● RECORD EXTRACTS:
★ ★ ★

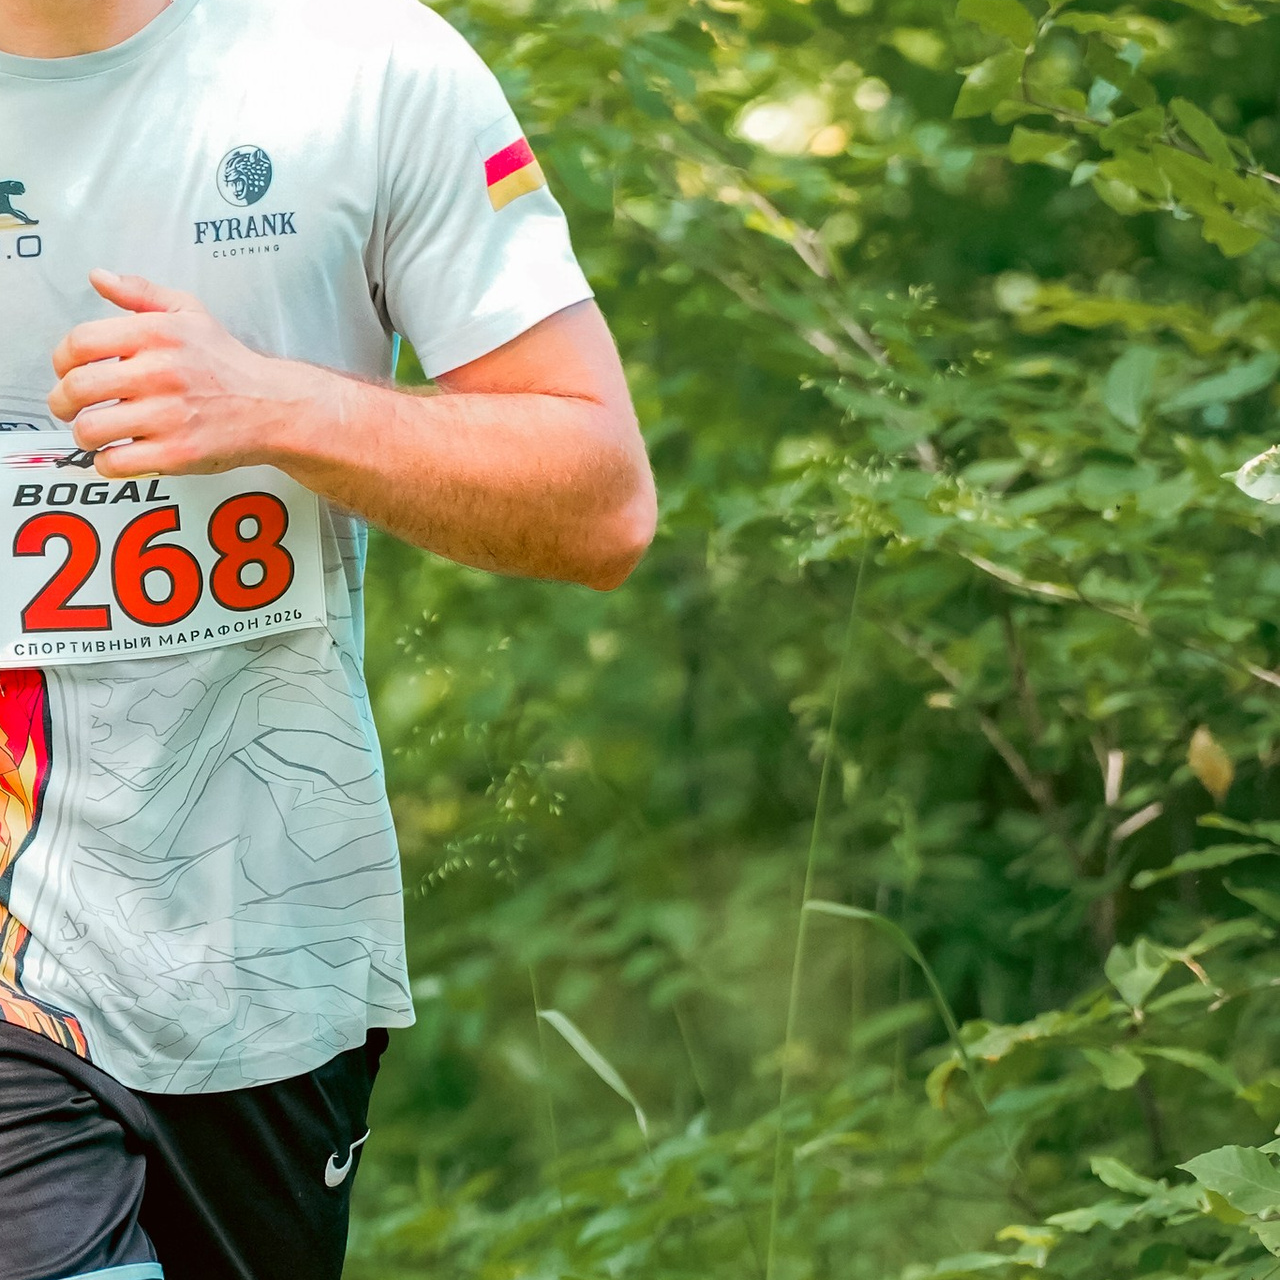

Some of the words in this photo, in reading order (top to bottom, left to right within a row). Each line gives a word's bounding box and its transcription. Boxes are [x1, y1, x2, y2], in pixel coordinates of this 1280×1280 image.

[193, 211, 298, 245] FYRANK
[212, 244, 281, 259] CLOTHING
[12, 479, 171, 507] BOGAL
[12, 491, 295, 633] 268
[14, 635, 152, 657] СПОРТИВНЫЙ
[158, 617, 260, 648] МАРАФОН
[264, 608, 303, 626] 2026
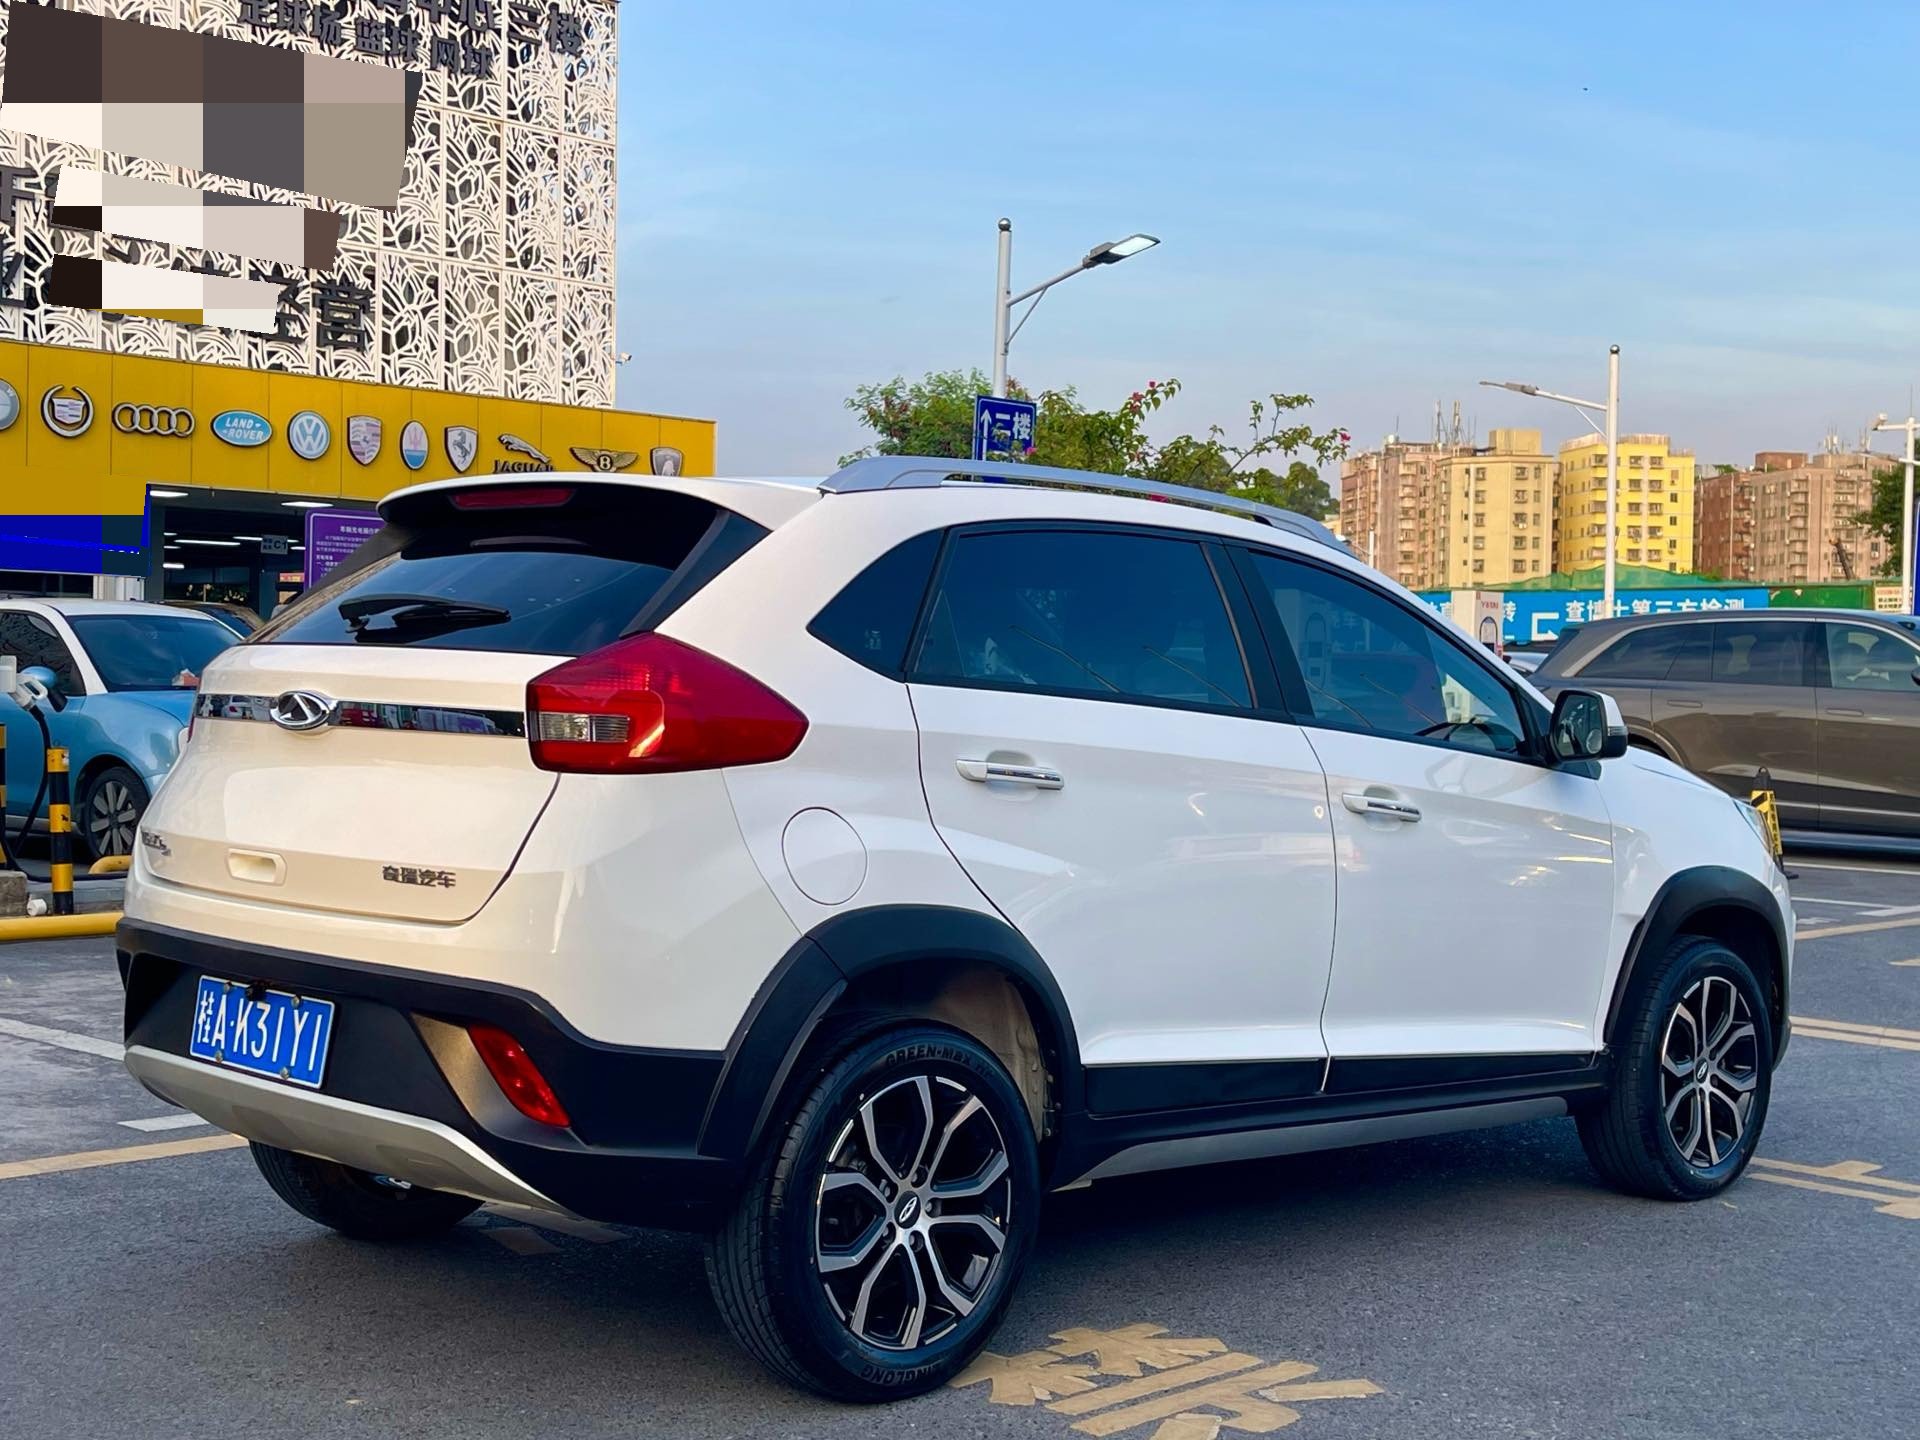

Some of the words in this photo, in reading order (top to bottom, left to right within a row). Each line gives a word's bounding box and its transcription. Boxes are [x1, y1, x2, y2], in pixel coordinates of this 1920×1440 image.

★ ★ ★

● TO DO: Once the images are removed, print the remaining data exactly as it appears above.

● ANSWER:
Some of the words in this photo, in reading order (top to bottom, left to right within a row). Each line gives a word's bounding box and its transcription. Boxes are [x1, y1, x2, y2], in pixel coordinates of this 1280×1280 image.

[193, 211, 298, 245] FYRANK
[212, 244, 281, 259] CLOTHING
[12, 479, 171, 507] BOGAL
[12, 491, 295, 633] 268
[14, 635, 152, 657] СПОРТИВНЫЙ
[158, 617, 260, 648] МАРАФОН
[264, 608, 303, 626] 2026

Some of the words in this photo, in reading order (top to bottom, left to right within a row). Each line gives a word's bounding box and its transcription. Boxes are [x1, y1, x2, y2], in pixel coordinates of this 1920×1440 image.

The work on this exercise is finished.